| Supplied records |
....

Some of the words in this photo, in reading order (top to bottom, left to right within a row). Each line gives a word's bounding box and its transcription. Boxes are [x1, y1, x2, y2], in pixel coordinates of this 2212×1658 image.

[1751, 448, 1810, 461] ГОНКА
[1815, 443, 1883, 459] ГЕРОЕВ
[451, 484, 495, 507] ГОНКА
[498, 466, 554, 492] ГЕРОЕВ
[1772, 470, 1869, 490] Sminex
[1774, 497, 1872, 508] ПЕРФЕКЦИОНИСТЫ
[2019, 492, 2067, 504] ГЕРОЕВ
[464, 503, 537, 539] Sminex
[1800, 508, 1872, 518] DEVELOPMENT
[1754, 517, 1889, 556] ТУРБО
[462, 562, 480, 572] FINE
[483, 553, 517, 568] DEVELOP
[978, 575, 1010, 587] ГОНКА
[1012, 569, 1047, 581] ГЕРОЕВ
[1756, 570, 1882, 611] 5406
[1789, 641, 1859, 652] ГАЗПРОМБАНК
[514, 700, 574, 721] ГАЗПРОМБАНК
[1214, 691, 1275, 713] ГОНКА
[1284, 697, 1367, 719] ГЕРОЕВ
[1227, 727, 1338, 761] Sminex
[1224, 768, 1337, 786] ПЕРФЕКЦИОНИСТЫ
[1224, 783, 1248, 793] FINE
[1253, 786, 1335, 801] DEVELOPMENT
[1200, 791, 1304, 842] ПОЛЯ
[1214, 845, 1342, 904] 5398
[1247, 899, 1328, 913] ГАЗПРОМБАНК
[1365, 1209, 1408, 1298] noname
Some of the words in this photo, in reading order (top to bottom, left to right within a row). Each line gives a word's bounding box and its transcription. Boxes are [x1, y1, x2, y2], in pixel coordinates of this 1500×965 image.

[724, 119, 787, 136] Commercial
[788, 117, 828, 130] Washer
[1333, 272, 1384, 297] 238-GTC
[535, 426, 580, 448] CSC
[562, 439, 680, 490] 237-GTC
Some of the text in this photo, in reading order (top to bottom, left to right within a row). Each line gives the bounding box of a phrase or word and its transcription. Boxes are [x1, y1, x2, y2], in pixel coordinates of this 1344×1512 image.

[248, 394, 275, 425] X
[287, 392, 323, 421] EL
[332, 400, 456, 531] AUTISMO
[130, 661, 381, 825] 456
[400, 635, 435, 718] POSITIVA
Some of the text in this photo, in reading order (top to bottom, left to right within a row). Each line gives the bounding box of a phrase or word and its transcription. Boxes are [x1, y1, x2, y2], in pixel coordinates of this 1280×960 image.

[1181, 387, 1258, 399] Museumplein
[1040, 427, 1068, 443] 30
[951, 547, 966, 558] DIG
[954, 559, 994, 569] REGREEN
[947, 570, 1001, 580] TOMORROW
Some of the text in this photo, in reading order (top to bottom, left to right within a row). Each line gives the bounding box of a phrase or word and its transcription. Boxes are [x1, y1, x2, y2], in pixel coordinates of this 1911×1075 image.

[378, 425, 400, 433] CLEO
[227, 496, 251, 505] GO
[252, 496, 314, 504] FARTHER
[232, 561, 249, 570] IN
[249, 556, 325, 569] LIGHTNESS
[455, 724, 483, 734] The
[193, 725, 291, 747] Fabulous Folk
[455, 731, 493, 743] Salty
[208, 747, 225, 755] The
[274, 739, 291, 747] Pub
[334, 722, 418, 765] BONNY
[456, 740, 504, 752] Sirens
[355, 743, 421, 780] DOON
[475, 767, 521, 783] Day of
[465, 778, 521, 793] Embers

....

| Problem details |
From where "this 1280×960 image." appears to the last line of the listing above, please write out every line exactly; leave out the rest.

| Solution |
Some of the text in this photo, in reading order (top to bottom, left to right within a row). Each line gives the bounding box of a phrase or word and its transcription. Boxes are [x1, y1, x2, y2], in pixel coordinates of this 1280×960 image.

[1181, 387, 1258, 399] Museumplein
[1040, 427, 1068, 443] 30
[951, 547, 966, 558] DIG
[954, 559, 994, 569] REGREEN
[947, 570, 1001, 580] TOMORROW
Some of the text in this photo, in reading order (top to bottom, left to right within a row). Each line gives the bounding box of a phrase or word and its transcription. Boxes are [x1, y1, x2, y2], in pixel coordinates of this 1911×1075 image.

[378, 425, 400, 433] CLEO
[227, 496, 251, 505] GO
[252, 496, 314, 504] FARTHER
[232, 561, 249, 570] IN
[249, 556, 325, 569] LIGHTNESS
[455, 724, 483, 734] The
[193, 725, 291, 747] Fabulous Folk
[455, 731, 493, 743] Salty
[208, 747, 225, 755] The
[274, 739, 291, 747] Pub
[334, 722, 418, 765] BONNY
[456, 740, 504, 752] Sirens
[355, 743, 421, 780] DOON
[475, 767, 521, 783] Day of
[465, 778, 521, 793] Embers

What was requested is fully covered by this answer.